President Obama: "We've Reached Havana"
Like so many Americans, I've only known the isolation that has existed between our two governments. I was born in 1961, the year of the Bay of Pigs invasion. A year later, a Cold War confrontation over Cuba pushed the world as close as it’s ever been to nuclear war. As the decades passed, the mistrust between our governments resulted in heartache for our two peoples, including Cuban Americans, many of whom have endured decades of separation from their homeland and relatives.
I’ve come to Havana to extend the hand of friendship to the Cuban people. I'm here to bury the last vestige of the Cold War in the Americas and to forge a new era of understanding to help improve the daily lives of the Cuban people.

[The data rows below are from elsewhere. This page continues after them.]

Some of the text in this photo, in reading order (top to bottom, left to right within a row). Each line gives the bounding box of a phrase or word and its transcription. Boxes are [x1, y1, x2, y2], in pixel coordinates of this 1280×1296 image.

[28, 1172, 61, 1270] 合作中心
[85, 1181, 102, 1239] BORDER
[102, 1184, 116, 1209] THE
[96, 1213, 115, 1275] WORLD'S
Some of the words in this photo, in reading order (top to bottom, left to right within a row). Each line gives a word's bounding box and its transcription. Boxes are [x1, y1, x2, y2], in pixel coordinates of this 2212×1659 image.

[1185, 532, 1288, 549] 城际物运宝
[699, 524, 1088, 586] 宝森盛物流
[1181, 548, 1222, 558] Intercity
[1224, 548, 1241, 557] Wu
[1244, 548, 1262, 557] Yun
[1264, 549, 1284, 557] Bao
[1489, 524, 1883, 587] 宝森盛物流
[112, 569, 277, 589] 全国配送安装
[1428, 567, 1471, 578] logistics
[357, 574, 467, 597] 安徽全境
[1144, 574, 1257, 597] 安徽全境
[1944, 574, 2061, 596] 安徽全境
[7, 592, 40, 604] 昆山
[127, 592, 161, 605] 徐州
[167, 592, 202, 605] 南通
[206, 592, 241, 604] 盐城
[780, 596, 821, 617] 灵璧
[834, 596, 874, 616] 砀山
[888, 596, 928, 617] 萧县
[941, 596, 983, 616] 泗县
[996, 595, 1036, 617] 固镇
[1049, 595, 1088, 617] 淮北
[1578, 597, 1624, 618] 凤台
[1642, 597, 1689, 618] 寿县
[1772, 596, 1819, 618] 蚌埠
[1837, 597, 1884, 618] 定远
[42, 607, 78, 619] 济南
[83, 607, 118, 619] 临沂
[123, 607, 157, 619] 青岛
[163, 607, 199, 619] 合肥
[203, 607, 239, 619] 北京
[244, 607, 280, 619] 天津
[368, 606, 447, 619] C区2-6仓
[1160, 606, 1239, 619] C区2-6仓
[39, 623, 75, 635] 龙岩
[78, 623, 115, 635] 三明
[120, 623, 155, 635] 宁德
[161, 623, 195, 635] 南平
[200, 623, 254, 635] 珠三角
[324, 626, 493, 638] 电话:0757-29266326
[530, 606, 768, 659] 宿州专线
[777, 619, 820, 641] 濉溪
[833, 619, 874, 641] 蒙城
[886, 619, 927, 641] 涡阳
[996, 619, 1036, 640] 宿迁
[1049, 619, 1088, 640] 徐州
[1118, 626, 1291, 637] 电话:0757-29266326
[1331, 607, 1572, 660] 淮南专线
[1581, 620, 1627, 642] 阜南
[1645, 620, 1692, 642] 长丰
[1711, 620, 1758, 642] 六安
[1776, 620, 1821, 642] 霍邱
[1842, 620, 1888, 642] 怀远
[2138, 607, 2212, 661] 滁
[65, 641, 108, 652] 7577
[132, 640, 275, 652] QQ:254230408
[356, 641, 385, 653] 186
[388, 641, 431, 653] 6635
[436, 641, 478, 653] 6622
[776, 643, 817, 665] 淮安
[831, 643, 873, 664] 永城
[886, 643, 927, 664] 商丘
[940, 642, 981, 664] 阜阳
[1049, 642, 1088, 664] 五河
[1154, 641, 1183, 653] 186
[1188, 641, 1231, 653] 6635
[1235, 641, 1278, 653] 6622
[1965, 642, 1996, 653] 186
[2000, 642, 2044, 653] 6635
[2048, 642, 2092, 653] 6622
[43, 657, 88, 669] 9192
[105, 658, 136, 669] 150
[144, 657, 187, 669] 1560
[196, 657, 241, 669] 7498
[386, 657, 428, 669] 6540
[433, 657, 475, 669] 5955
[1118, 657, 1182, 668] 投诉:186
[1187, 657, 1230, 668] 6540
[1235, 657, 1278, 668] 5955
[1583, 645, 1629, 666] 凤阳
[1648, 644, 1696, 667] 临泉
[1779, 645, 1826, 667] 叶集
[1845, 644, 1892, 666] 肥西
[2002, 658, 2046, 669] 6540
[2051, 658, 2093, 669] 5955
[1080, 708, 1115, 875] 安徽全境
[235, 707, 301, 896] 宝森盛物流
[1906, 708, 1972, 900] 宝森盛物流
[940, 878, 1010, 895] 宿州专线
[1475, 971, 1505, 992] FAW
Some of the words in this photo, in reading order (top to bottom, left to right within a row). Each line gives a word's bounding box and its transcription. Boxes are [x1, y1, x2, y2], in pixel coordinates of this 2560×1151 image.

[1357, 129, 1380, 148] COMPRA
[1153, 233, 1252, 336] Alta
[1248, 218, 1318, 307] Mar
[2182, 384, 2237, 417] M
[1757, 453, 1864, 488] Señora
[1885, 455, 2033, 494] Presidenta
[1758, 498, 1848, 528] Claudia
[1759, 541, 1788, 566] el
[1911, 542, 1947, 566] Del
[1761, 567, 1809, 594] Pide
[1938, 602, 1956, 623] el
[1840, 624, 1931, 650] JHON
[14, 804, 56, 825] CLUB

There continue to be real and important differences between our governments, including profound differences on the way to promote safety, security, opportunity, and human rights. But there’s so much Americans and Cubans share -- our cultures and passions, our hopes for the future, not to mention a love of baseball.
I know one visit, and one president, cannot erase the decades of history that have left so many Cubans in poverty or exile. But sometimes the most important changes begin with the smallest step. I believe in the Cuban people and their desire to build a future of their own choosing. And I believe that changing the way we do things between our countries will, over time, help make that possible.
So I’m looking forward to meeting and hearing directly from Cubans from all walks of life. And I’m confident that, working together with the Cuban people, our two countries can begin a new journey together that delivers progress for both our peoples.